An exact copy is needed of each line from the one including "this 1360×1536 image." through the last line of the entries, both ends counted, with nothing added.

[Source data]
= = =

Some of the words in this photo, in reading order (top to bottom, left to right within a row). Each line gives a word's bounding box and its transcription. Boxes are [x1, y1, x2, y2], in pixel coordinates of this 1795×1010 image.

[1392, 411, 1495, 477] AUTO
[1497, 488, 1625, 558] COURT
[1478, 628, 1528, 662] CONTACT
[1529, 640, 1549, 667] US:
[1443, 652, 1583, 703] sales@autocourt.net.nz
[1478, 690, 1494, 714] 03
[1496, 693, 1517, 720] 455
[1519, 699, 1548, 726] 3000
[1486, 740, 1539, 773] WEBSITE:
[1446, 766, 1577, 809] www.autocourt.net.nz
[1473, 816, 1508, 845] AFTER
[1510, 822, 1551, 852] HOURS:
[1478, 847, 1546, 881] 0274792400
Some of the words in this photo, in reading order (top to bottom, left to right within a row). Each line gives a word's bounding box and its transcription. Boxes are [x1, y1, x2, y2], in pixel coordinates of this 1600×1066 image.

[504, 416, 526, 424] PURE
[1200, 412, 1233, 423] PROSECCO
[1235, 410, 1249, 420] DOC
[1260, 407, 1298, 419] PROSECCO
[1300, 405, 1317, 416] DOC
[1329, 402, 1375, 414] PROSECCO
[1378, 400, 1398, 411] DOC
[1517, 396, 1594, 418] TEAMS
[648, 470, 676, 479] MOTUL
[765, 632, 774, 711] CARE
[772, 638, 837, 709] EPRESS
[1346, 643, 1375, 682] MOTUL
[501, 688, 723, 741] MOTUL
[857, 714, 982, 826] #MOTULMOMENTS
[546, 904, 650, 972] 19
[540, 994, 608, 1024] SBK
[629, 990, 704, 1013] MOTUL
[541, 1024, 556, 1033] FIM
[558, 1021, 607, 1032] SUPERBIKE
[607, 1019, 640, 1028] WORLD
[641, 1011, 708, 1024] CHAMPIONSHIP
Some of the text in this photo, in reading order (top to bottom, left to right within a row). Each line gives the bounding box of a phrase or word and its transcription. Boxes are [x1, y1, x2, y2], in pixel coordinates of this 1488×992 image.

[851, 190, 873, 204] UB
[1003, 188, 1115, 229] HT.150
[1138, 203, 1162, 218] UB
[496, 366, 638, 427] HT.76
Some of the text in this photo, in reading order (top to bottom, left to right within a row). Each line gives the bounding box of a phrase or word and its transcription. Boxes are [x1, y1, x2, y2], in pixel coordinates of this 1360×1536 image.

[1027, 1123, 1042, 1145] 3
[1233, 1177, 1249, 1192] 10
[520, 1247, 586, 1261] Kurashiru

= = =

Task answer:
Some of the text in this photo, in reading order (top to bottom, left to right within a row). Each line gives the bounding box of a phrase or word and its transcription. Boxes are [x1, y1, x2, y2], in pixel coordinates of this 1360×1536 image.

[1027, 1123, 1042, 1145] 3
[1233, 1177, 1249, 1192] 10
[520, 1247, 586, 1261] Kurashiru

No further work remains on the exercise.